2022 Boat of the Year: Best Cruising Catamaran (Over 50’)

Kinetic KC54: All-around excellence took the judges breath away

Kinetic
Kinetic team accept the Special Recognition award. Mark Pillsbury, Cruising World; Collin Marshall, Boat & Sailing Systems Engineer; Bob Hayward, CEO; Andrew Parkinson; Cruising World. Victor Tan

Kinetic CEO Bob Hayward and Collin Marshall, Boat & Sailing Systems Engineer,

were on hand to accept the award for the Kinetic KC54. The Kinetic KC54 received a Special Recognition award. The Kinetic KC54 is a fresh entry in the cat universe and a new player in the class of what might be called Super Cats, the progenitors of which are notable brands like Gunboat and HH Catamarans. These light, fast craft put a high premium in flat-out performance, but also have the cool, comfortable, contemporary features and amenities of a stylish, forward-thinking cruising boat. They are, in the realm of performance cruisers, at the very cutting edge. Judge Tim Murphy got right to the point: “This is a fairly new company that was started within the past couple of years. My breath was absolutely taken away by this boat; it was spectacular. I think it was the best-built boat in the entire fleet. It’s an all-carbon boat, with a foam core, epoxy resin, all infused–fantastic. The whole boat felt integrated. You didn’t feel like there was a conflict between the forces in terms of accommodation versus performance.” With a price tag approaching $3 million, it perhaps should not be astonishing. That was a major factor in evaluating the boat, and while it did not win its class, the experts panel did present it with a Judges’ Special Recognition prize to honor the boat’s overall excellence.

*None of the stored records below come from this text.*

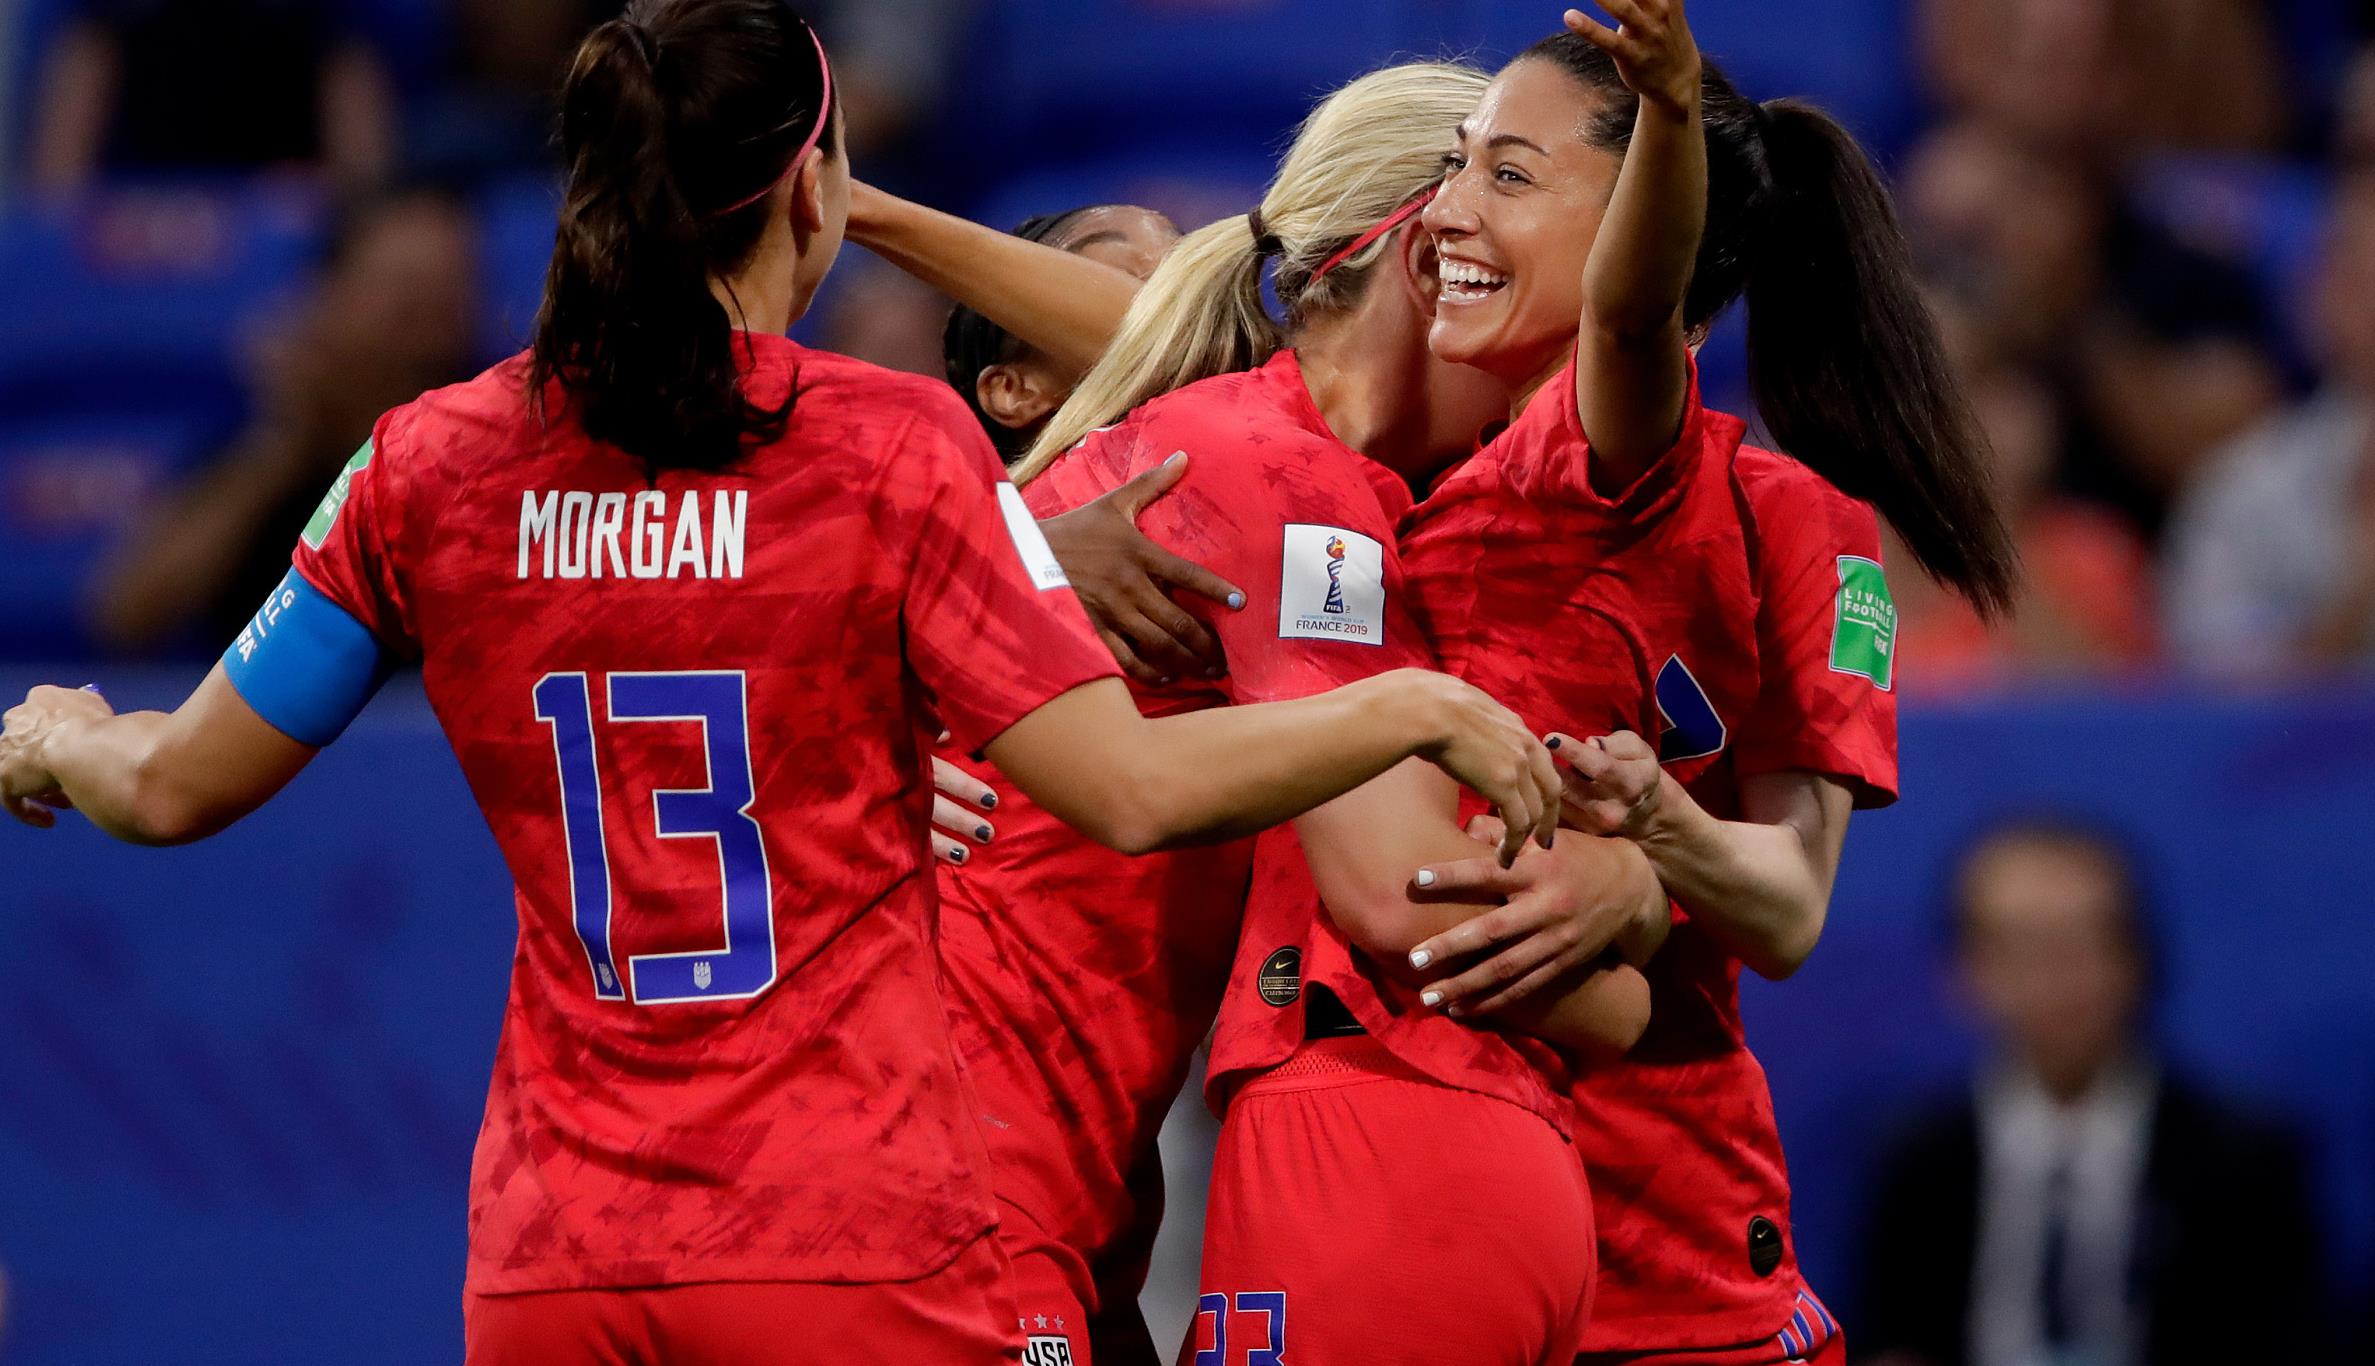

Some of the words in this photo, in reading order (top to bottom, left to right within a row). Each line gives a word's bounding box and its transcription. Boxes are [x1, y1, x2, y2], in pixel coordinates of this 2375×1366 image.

[517, 490, 748, 579] MORGAN
[1326, 604, 1342, 612] FIFA
[1844, 588, 1892, 616] LIVING
[1296, 619, 1342, 632] FRANCE
[1343, 623, 1368, 635] 2019
[532, 670, 777, 1005] 13
[1024, 1341, 1072, 1366] USA

“It was my personal favorite in this year’s contest,” said judge Ed Sherman. The materials that were used are absolutely the highest quality available in our industry at this point, and it’s a very high-tech boat in terms of systems.” Judge Gerry Douglas was also duly impressed: “This was the Tesla of sailboats. I think that that was their model. In terms of design and execution and technology, it hit all three of those marks. This boat is built without compromise, and what it cost was not an issue, they just wanted to do the best they could in every aspect of the boat. The construction was impeccable, the fit and finish was amazing. There are some very clever design things in the boat, but it all really worked seamlessly.”  

2022 Boat of the Year: Special Judges’ Awards

The 2022 BOTY Contest

The 27 entries—the largest BOTY entry list in many years—were ultimately broken down into eight categories, with the 16 monohulls distributed over five divisions ranging from 24 feet to 67 feet in size, and with prices ranging from $50,000 to $4 million. Meanwhile, the 11 nominated catamarans were grouped in three classes: two based on size and a third focused on performance. And talk about an international gathering! Builders from no fewer than nine nations were represented: the US, France, Germany, Holland, Italy, Slovenia, South Africa, Sweden and Taiwan. 

Boats tests were divided into two parts: onboard inspections that took place on the docks at the US Sailboat Show in Annapolis, MD., in October; and at-sea sail trials conducted in the days immediately following the boat show.

Judges chose winners in eight separate size- and/or purpose-related categories. Just for good measure—because they were suitably impressed by their excellence—they also presented a pair of separate awards to boats that deserved special recognition.